(Collected data)
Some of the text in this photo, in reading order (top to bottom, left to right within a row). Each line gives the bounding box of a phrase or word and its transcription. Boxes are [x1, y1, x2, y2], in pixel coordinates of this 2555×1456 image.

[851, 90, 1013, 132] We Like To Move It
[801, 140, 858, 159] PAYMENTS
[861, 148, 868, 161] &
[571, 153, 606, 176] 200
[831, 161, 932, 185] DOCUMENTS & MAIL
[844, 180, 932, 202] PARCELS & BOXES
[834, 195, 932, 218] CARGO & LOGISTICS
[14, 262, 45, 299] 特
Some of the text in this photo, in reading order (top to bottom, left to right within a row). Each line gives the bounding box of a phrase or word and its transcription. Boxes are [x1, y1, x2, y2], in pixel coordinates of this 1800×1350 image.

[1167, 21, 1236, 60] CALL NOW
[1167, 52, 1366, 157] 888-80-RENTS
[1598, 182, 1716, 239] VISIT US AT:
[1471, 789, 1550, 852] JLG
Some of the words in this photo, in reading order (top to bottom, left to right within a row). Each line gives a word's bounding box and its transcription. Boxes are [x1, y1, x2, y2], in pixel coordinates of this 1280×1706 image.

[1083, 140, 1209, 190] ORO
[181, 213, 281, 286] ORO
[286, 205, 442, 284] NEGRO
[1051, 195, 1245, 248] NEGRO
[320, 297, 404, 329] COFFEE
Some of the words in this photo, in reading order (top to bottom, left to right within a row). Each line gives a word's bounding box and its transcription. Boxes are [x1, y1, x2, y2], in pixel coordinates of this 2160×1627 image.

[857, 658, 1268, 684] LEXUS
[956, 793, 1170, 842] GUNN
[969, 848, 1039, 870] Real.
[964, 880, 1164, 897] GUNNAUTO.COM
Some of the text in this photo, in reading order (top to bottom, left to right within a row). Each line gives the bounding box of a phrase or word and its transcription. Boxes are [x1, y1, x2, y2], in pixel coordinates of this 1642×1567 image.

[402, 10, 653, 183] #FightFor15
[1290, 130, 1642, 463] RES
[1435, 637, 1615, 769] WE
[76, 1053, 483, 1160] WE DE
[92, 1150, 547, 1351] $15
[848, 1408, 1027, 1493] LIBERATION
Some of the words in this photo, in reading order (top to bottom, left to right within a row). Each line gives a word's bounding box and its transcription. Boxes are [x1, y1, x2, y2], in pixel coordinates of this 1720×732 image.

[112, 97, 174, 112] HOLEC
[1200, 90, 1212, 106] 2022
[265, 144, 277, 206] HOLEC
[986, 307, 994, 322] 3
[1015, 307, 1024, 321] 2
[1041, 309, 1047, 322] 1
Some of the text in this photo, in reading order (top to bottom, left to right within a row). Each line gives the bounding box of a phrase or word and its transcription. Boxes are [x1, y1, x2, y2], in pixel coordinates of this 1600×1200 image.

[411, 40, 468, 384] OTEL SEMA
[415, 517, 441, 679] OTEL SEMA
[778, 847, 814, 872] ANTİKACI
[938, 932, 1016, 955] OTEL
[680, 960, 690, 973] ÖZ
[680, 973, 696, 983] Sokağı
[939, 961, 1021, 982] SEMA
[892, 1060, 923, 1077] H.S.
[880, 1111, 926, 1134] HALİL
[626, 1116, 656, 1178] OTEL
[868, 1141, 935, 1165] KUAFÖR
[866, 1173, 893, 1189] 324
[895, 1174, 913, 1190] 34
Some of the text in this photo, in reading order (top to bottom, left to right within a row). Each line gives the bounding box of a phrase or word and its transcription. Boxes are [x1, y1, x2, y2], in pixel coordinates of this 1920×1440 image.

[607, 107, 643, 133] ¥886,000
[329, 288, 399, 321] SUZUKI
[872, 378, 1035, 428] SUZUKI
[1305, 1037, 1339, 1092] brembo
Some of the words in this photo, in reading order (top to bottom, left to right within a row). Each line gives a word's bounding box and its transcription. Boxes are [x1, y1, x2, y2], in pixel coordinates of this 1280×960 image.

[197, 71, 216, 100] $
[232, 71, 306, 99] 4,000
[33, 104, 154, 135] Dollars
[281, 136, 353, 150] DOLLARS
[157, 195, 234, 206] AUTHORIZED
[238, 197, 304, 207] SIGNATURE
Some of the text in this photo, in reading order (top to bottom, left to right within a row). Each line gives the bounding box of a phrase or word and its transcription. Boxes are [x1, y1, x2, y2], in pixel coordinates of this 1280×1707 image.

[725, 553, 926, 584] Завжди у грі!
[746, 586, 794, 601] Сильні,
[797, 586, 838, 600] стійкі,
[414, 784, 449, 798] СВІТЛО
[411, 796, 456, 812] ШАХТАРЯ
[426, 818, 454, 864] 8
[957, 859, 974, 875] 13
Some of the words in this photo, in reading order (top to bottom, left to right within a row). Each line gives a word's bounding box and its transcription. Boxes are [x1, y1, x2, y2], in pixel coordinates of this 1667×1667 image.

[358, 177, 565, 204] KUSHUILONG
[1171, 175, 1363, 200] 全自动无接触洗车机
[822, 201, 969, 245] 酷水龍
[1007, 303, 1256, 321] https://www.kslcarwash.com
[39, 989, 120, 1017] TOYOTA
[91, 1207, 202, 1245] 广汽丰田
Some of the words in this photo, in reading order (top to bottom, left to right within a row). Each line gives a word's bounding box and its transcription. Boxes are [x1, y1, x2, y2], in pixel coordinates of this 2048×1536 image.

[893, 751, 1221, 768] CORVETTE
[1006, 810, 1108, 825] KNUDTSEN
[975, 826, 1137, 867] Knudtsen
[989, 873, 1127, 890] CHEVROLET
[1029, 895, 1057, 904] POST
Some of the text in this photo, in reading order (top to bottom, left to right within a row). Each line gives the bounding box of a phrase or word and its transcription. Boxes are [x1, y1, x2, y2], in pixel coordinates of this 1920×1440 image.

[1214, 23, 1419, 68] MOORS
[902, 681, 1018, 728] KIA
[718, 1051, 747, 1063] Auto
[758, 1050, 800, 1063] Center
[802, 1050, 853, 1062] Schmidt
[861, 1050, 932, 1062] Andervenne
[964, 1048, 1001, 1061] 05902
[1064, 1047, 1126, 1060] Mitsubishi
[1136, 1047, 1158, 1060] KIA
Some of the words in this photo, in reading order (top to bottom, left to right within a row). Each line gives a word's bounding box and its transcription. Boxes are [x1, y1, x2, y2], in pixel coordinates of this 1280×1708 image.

■ **Task item**: None of the records may be skipped; each is to be repeated exactly.

■ **Exercise output**:
Some of the text in this photo, in reading order (top to bottom, left to right within a row). Each line gives the bounding box of a phrase or word and its transcription. Boxes are [x1, y1, x2, y2], in pixel coordinates of this 2555×1456 image.

[851, 90, 1013, 132] We Like To Move It
[801, 140, 858, 159] PAYMENTS
[861, 148, 868, 161] &
[571, 153, 606, 176] 200
[831, 161, 932, 185] DOCUMENTS & MAIL
[844, 180, 932, 202] PARCELS & BOXES
[834, 195, 932, 218] CARGO & LOGISTICS
[14, 262, 45, 299] 特
Some of the text in this photo, in reading order (top to bottom, left to right within a row). Each line gives the bounding box of a phrase or word and its transcription. Boxes are [x1, y1, x2, y2], in pixel coordinates of this 1800×1350 image.

[1167, 21, 1236, 60] CALL NOW
[1167, 52, 1366, 157] 888-80-RENTS
[1598, 182, 1716, 239] VISIT US AT:
[1471, 789, 1550, 852] JLG
Some of the words in this photo, in reading order (top to bottom, left to right within a row). Each line gives a word's bounding box and its transcription. Boxes are [x1, y1, x2, y2], in pixel coordinates of this 1280×1706 image.

[1083, 140, 1209, 190] ORO
[181, 213, 281, 286] ORO
[286, 205, 442, 284] NEGRO
[1051, 195, 1245, 248] NEGRO
[320, 297, 404, 329] COFFEE
Some of the words in this photo, in reading order (top to bottom, left to right within a row). Each line gives a word's bounding box and its transcription. Boxes are [x1, y1, x2, y2], in pixel coordinates of this 2160×1627 image.

[857, 658, 1268, 684] LEXUS
[956, 793, 1170, 842] GUNN
[969, 848, 1039, 870] Real.
[964, 880, 1164, 897] GUNNAUTO.COM
Some of the text in this photo, in reading order (top to bottom, left to right within a row). Each line gives the bounding box of a phrase or word and its transcription. Boxes are [x1, y1, x2, y2], in pixel coordinates of this 1642×1567 image.

[402, 10, 653, 183] #FightFor15
[1290, 130, 1642, 463] RES
[1435, 637, 1615, 769] WE
[76, 1053, 483, 1160] WE DE
[92, 1150, 547, 1351] $15
[848, 1408, 1027, 1493] LIBERATION
Some of the words in this photo, in reading order (top to bottom, left to right within a row). Each line gives a word's bounding box and its transcription. Boxes are [x1, y1, x2, y2], in pixel coordinates of this 1720×732 image.

[112, 97, 174, 112] HOLEC
[1200, 90, 1212, 106] 2022
[265, 144, 277, 206] HOLEC
[986, 307, 994, 322] 3
[1015, 307, 1024, 321] 2
[1041, 309, 1047, 322] 1
Some of the text in this photo, in reading order (top to bottom, left to right within a row). Each line gives the bounding box of a phrase or word and its transcription. Boxes are [x1, y1, x2, y2], in pixel coordinates of this 1600×1200 image.

[411, 40, 468, 384] OTEL SEMA
[415, 517, 441, 679] OTEL SEMA
[778, 847, 814, 872] ANTİKACI
[938, 932, 1016, 955] OTEL
[680, 960, 690, 973] ÖZ
[680, 973, 696, 983] Sokağı
[939, 961, 1021, 982] SEMA
[892, 1060, 923, 1077] H.S.
[880, 1111, 926, 1134] HALİL
[626, 1116, 656, 1178] OTEL
[868, 1141, 935, 1165] KUAFÖR
[866, 1173, 893, 1189] 324
[895, 1174, 913, 1190] 34
Some of the text in this photo, in reading order (top to bottom, left to right within a row). Each line gives the bounding box of a phrase or word and its transcription. Boxes are [x1, y1, x2, y2], in pixel coordinates of this 1920×1440 image.

[607, 107, 643, 133] ¥886,000
[329, 288, 399, 321] SUZUKI
[872, 378, 1035, 428] SUZUKI
[1305, 1037, 1339, 1092] brembo
Some of the words in this photo, in reading order (top to bottom, left to right within a row). Each line gives a word's bounding box and its transcription. Boxes are [x1, y1, x2, y2], in pixel coordinates of this 1280×960 image.

[197, 71, 216, 100] $
[232, 71, 306, 99] 4,000
[33, 104, 154, 135] Dollars
[281, 136, 353, 150] DOLLARS
[157, 195, 234, 206] AUTHORIZED
[238, 197, 304, 207] SIGNATURE
Some of the text in this photo, in reading order (top to bottom, left to right within a row). Each line gives the bounding box of a phrase or word and its transcription. Boxes are [x1, y1, x2, y2], in pixel coordinates of this 1280×1707 image.

[725, 553, 926, 584] Завжди у грі!
[746, 586, 794, 601] Сильні,
[797, 586, 838, 600] стійкі,
[414, 784, 449, 798] СВІТЛО
[411, 796, 456, 812] ШАХТАРЯ
[426, 818, 454, 864] 8
[957, 859, 974, 875] 13
Some of the words in this photo, in reading order (top to bottom, left to right within a row). Each line gives a word's bounding box and its transcription. Boxes are [x1, y1, x2, y2], in pixel coordinates of this 1667×1667 image.

[358, 177, 565, 204] KUSHUILONG
[1171, 175, 1363, 200] 全自动无接触洗车机
[822, 201, 969, 245] 酷水龍
[1007, 303, 1256, 321] https://www.kslcarwash.com
[39, 989, 120, 1017] TOYOTA
[91, 1207, 202, 1245] 广汽丰田
Some of the words in this photo, in reading order (top to bottom, left to right within a row). Each line gives a word's bounding box and its transcription. Boxes are [x1, y1, x2, y2], in pixel coordinates of this 2048×1536 image.

[893, 751, 1221, 768] CORVETTE
[1006, 810, 1108, 825] KNUDTSEN
[975, 826, 1137, 867] Knudtsen
[989, 873, 1127, 890] CHEVROLET
[1029, 895, 1057, 904] POST
Some of the text in this photo, in reading order (top to bottom, left to right within a row). Each line gives the bounding box of a phrase or word and its transcription. Boxes are [x1, y1, x2, y2], in pixel coordinates of this 1920×1440 image.

[1214, 23, 1419, 68] MOORS
[902, 681, 1018, 728] KIA
[718, 1051, 747, 1063] Auto
[758, 1050, 800, 1063] Center
[802, 1050, 853, 1062] Schmidt
[861, 1050, 932, 1062] Andervenne
[964, 1048, 1001, 1061] 05902
[1064, 1047, 1126, 1060] Mitsubishi
[1136, 1047, 1158, 1060] KIA
Some of the words in this photo, in reading order (top to bottom, left to right within a row). Each line gives a word's bounding box and its transcription. Boxes are [x1, y1, x2, y2], in pixel coordinates of this 1280×1708 image.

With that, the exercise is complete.